かんちゃん 音楽のある日常

yaplogから移ってきました。日々音楽を聴いて思うことを書き綴っていきます。音楽評論、想い、商品としての音源、コンサート評、などなど。

神奈川県立図書館所蔵CD:リスト ピアノ協奏曲第1番、第2番

今回の神奈川県立図書館所蔵CDのコーナーは、リストのふたつのピアノ協奏曲です。リヒテルのピアノ、コンドラシン指揮ロンドン響の演奏です。

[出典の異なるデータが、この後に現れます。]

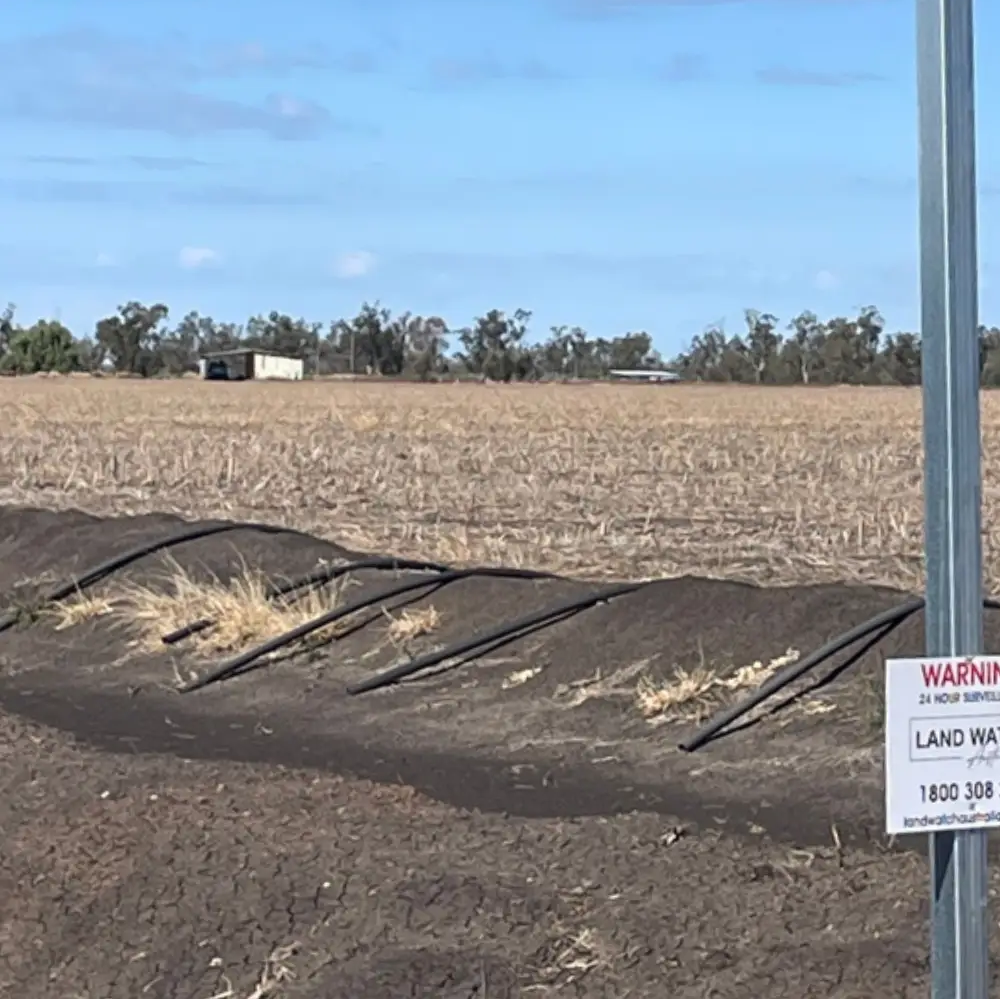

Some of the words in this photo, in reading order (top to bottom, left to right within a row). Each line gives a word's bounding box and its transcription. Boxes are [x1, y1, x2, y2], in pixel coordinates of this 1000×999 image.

[919, 693, 931, 705] 24
[934, 691, 960, 704] HOUR
[916, 729, 964, 749] LAND
[920, 782, 959, 803] 1800
[964, 781, 994, 800] 308
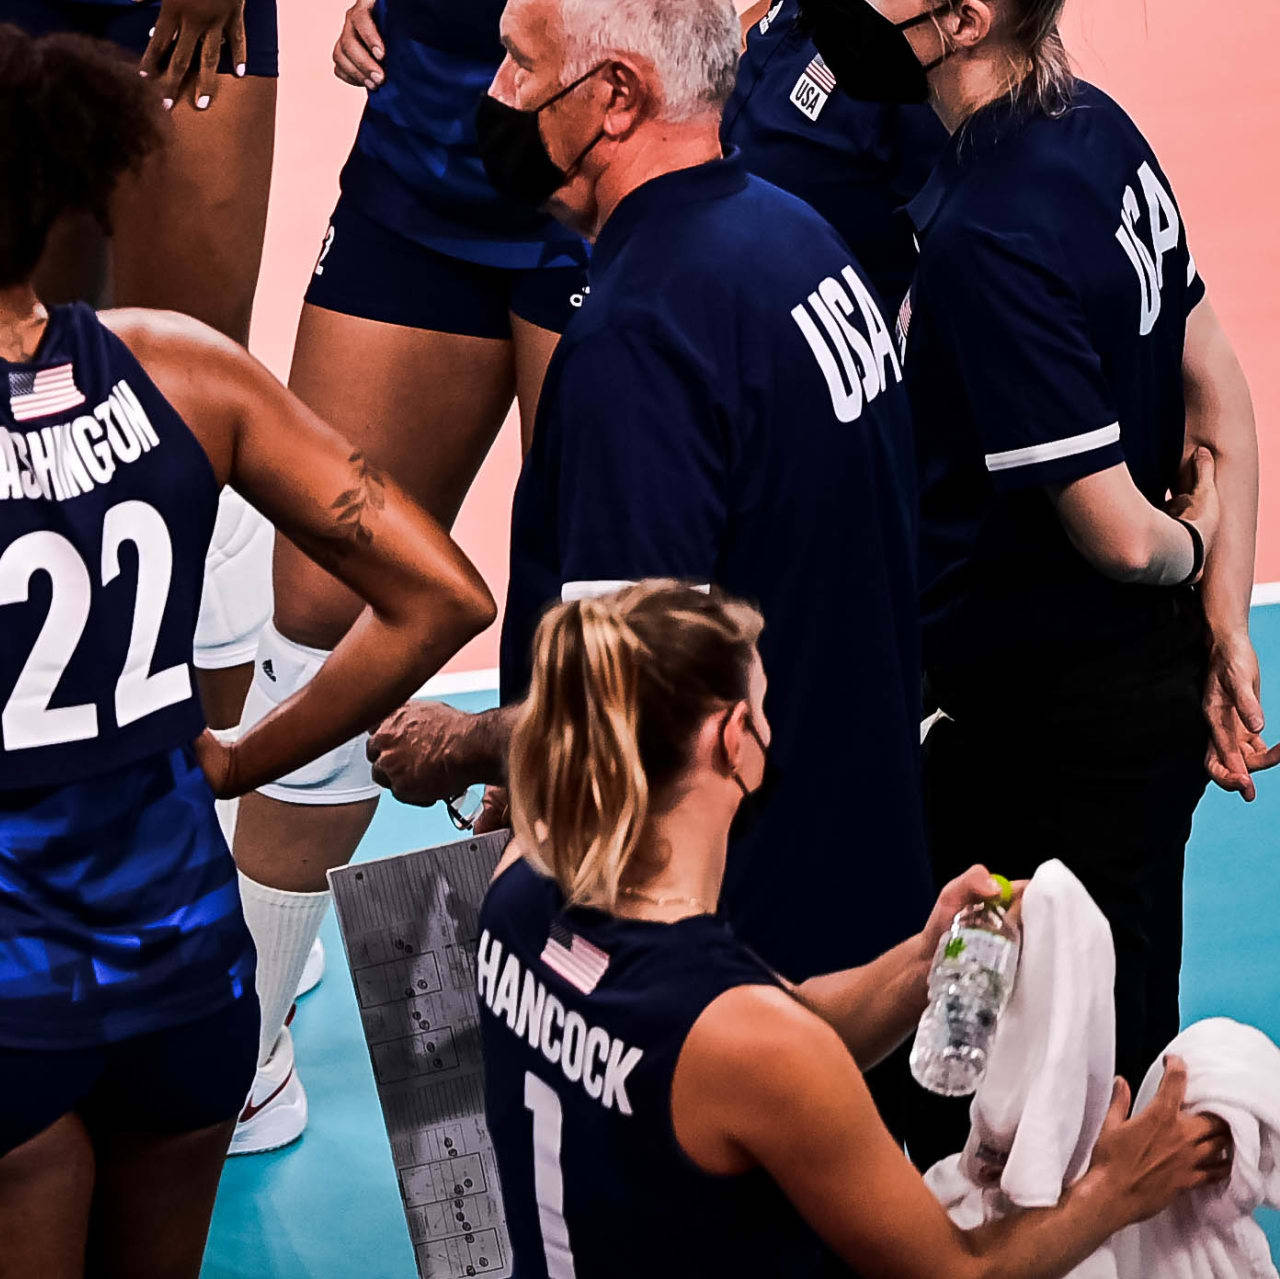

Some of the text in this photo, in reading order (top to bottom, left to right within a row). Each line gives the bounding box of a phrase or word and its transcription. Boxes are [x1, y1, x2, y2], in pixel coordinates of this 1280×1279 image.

[796, 80, 820, 114] USA
[1115, 161, 1179, 335] USA
[791, 265, 903, 423] USA
[477, 929, 643, 1116] HANCOCK
[523, 1072, 577, 1279] 1
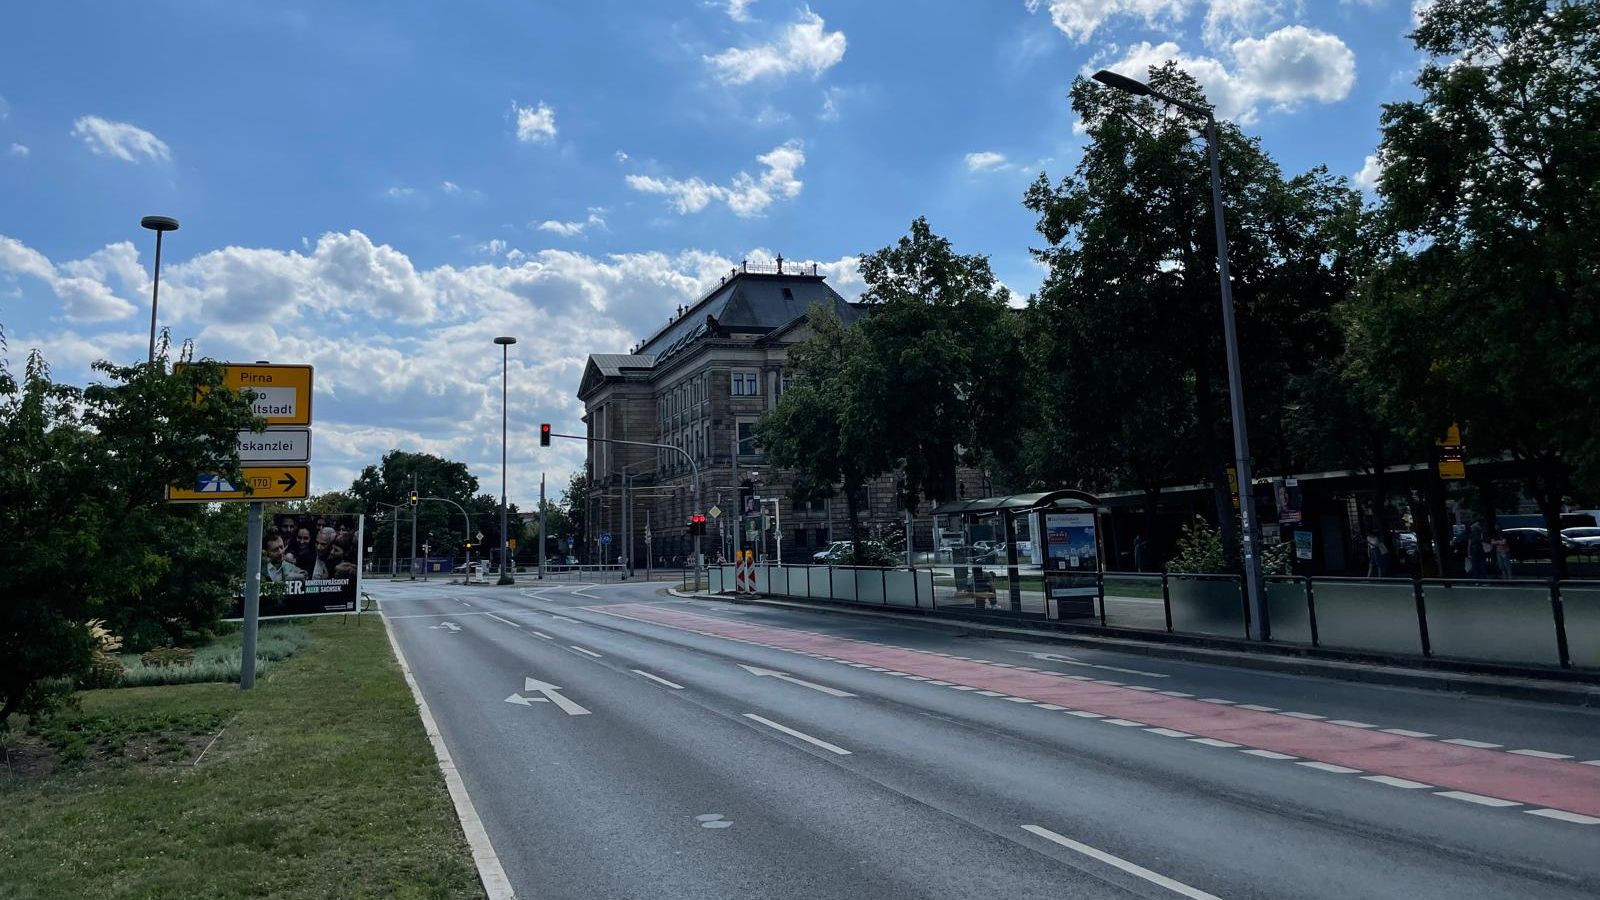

リストは以前から興味を持っている作曲家でしたが、ピアニストという点が私の中では大きかった作曲家だったので、あまり聴いてこなかった作曲家です。しかし、管弦楽に関しては以前より興味を持っていた作曲家でして、そのため交響詩を以前借りています。この音源はその延長線上で借りたものです。

そして、この音源が、私の興味をさらに変えていくとは、この時は思いもよりませんでした。

この二つのピアノ協奏曲は、第1番が1830年から56年にかけて、第2番が1839年にいったん完成し、1861年に改訂され決定稿が出された作品で、リストの楽曲の特徴を詰め込んだ、エッセンスのような作品と言えます。二つとも基本的に単一楽章であること、リストが成立させた、交響詩的な雰囲気を持つことがその理由です。

第1番は3つ(解釈によっては4つ)に分かれる作品ですが、切れ目なく演奏されることから単一楽章とみてもいいくらいの作品です。ヴィルトォーソが強調される点はロマン派らしい作品ですが、この曲は「トライアングル協奏曲」とも言われ、当時音楽評論家ハンスリックから酷評されますが、私はその点に、この第1番の先進性を見るのです。なぜなら、トライアングルを「重厚な」管弦楽曲に採用したのは、何もリストが最初ではないからです。それはベートーヴェンであり、私が一番好きな第九の、第4楽章アラ・マルシアの冒頭に使われています。常に私が第九を評論するときに言及する、vor Gott!の直後です。

リストの業績の一つに、第九のピアノ版編曲があります。以前取り上げたワーグナーよりもリストのほうが有名ですが、それです。当然、リストはそこでスコアを見ているはずで、そこにトライアングルが使われているのを見ていないはずはありません。リストがベートーヴェン交響曲をピアノへ編曲し始めたのは実は第1番を作曲し始めた後なのですが、第1番が完成するまでに「運命」と「田園」、第7番は第1稿が出されています。第九に関してはまだですが、編曲中にひらめいたのを否定はできません。

リストはベートーヴェンを尊敬しており、彼のためにカンタータまで作曲しています。ですから、第九を意識してこの第1番が作曲されたという推測も充分考えられるのです。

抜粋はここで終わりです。